The required output is a word-for-word restatement of the material below, from the line with "this 1621×1080 image." through its last line, inclusive.

DATA SHOWN —
····················

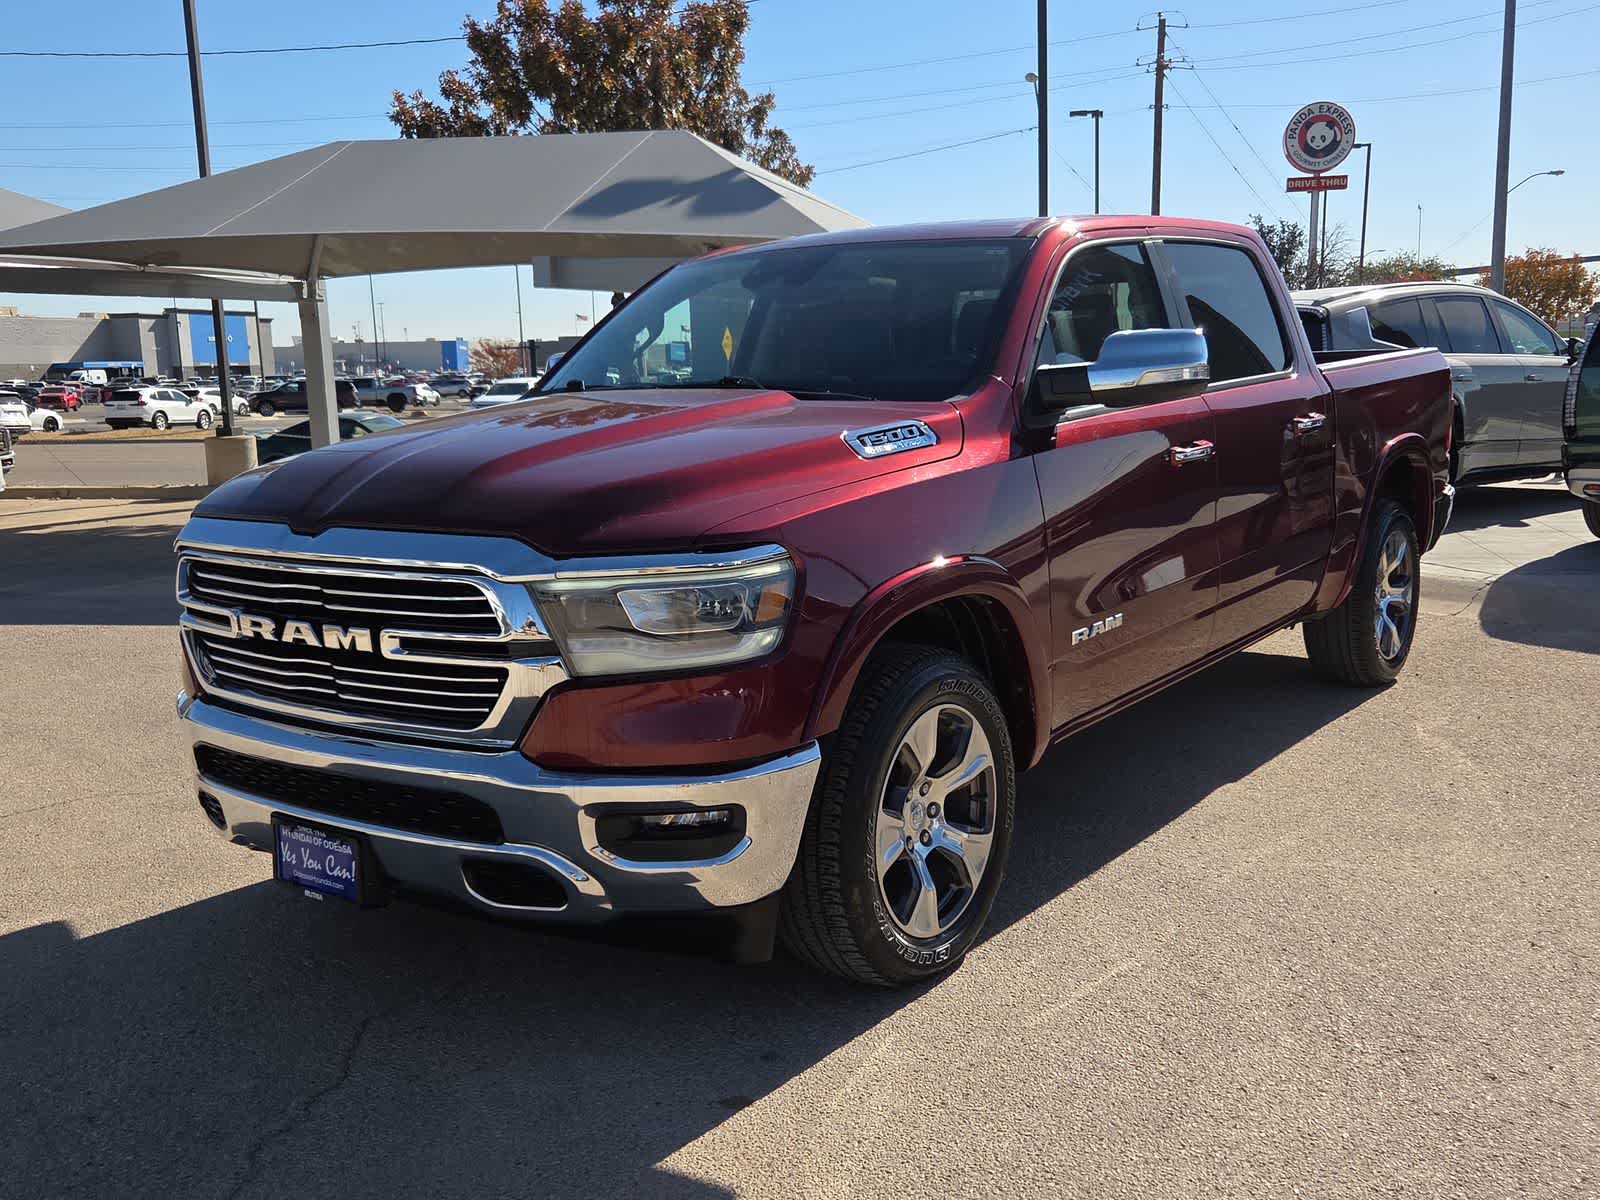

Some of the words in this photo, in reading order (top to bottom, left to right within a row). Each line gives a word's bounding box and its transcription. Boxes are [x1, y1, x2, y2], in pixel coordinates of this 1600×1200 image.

[1288, 108, 1315, 140] PANDA
[1318, 104, 1352, 135] EXPRESS
[1288, 179, 1317, 188] DRIVE
[1320, 178, 1347, 186] THRU
[859, 426, 920, 448] 1500
[239, 613, 373, 653] RAM
[1071, 613, 1123, 646] RAM
[282, 828, 312, 844] HYUNDAI
[313, 837, 322, 847] OF
[323, 840, 352, 855] ODESSA
[281, 841, 296, 864] Yes
[301, 847, 322, 870] You
[326, 855, 356, 882] Can!
[873, 900, 951, 964] DUELER
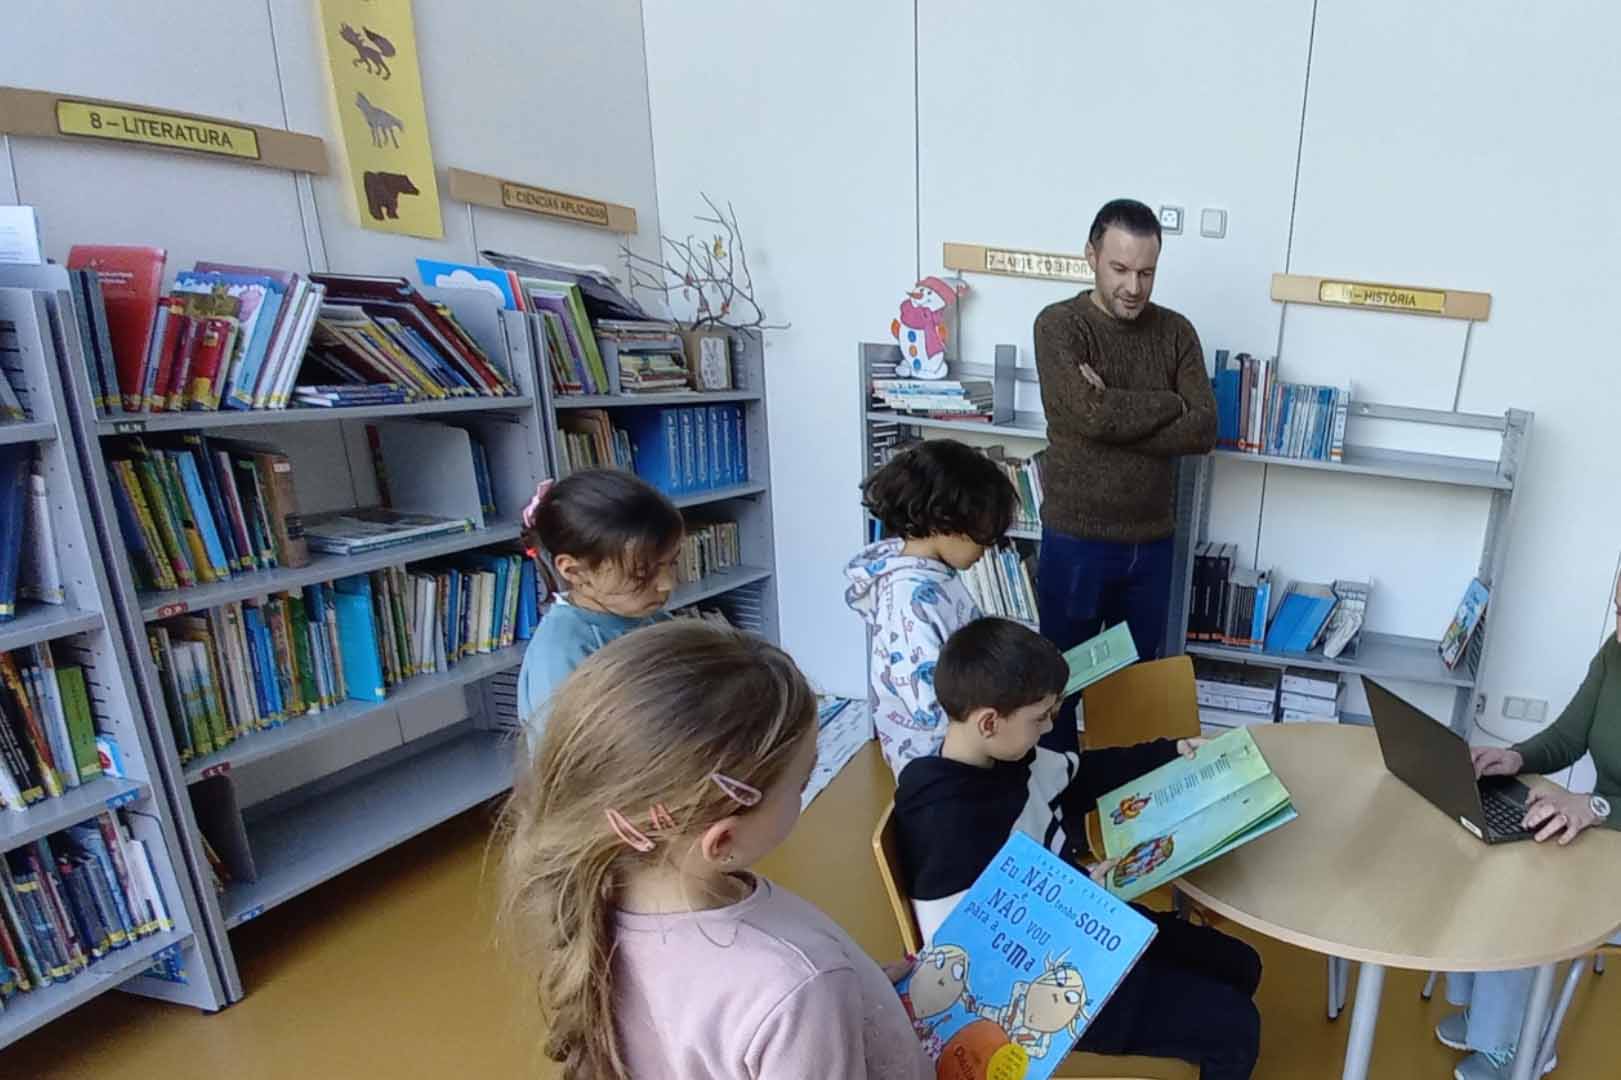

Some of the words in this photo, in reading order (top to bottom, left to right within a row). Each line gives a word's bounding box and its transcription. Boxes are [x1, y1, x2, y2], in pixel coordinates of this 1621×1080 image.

[89, 112, 102, 129] 8
[122, 116, 233, 148] LITERATURA
[1364, 289, 1416, 306] HISTÓRIA
[964, 901, 990, 926] para
[989, 920, 1000, 931] a
[987, 887, 1027, 925] NÃO
[1000, 856, 1020, 879] Eu
[1021, 866, 1062, 903] NÃO
[1075, 911, 1122, 952] sono

····················

COMPLETED TASK —
Some of the words in this photo, in reading order (top to bottom, left to right within a row). Each line gives a word's bounding box and its transcription. Boxes are [x1, y1, x2, y2], in pixel coordinates of this 1621×1080 image.

[89, 112, 102, 129] 8
[122, 116, 233, 148] LITERATURA
[1364, 289, 1416, 306] HISTÓRIA
[964, 901, 990, 926] para
[989, 920, 1000, 931] a
[987, 887, 1027, 925] NÃO
[1000, 856, 1020, 879] Eu
[1021, 866, 1062, 903] NÃO
[1075, 911, 1122, 952] sono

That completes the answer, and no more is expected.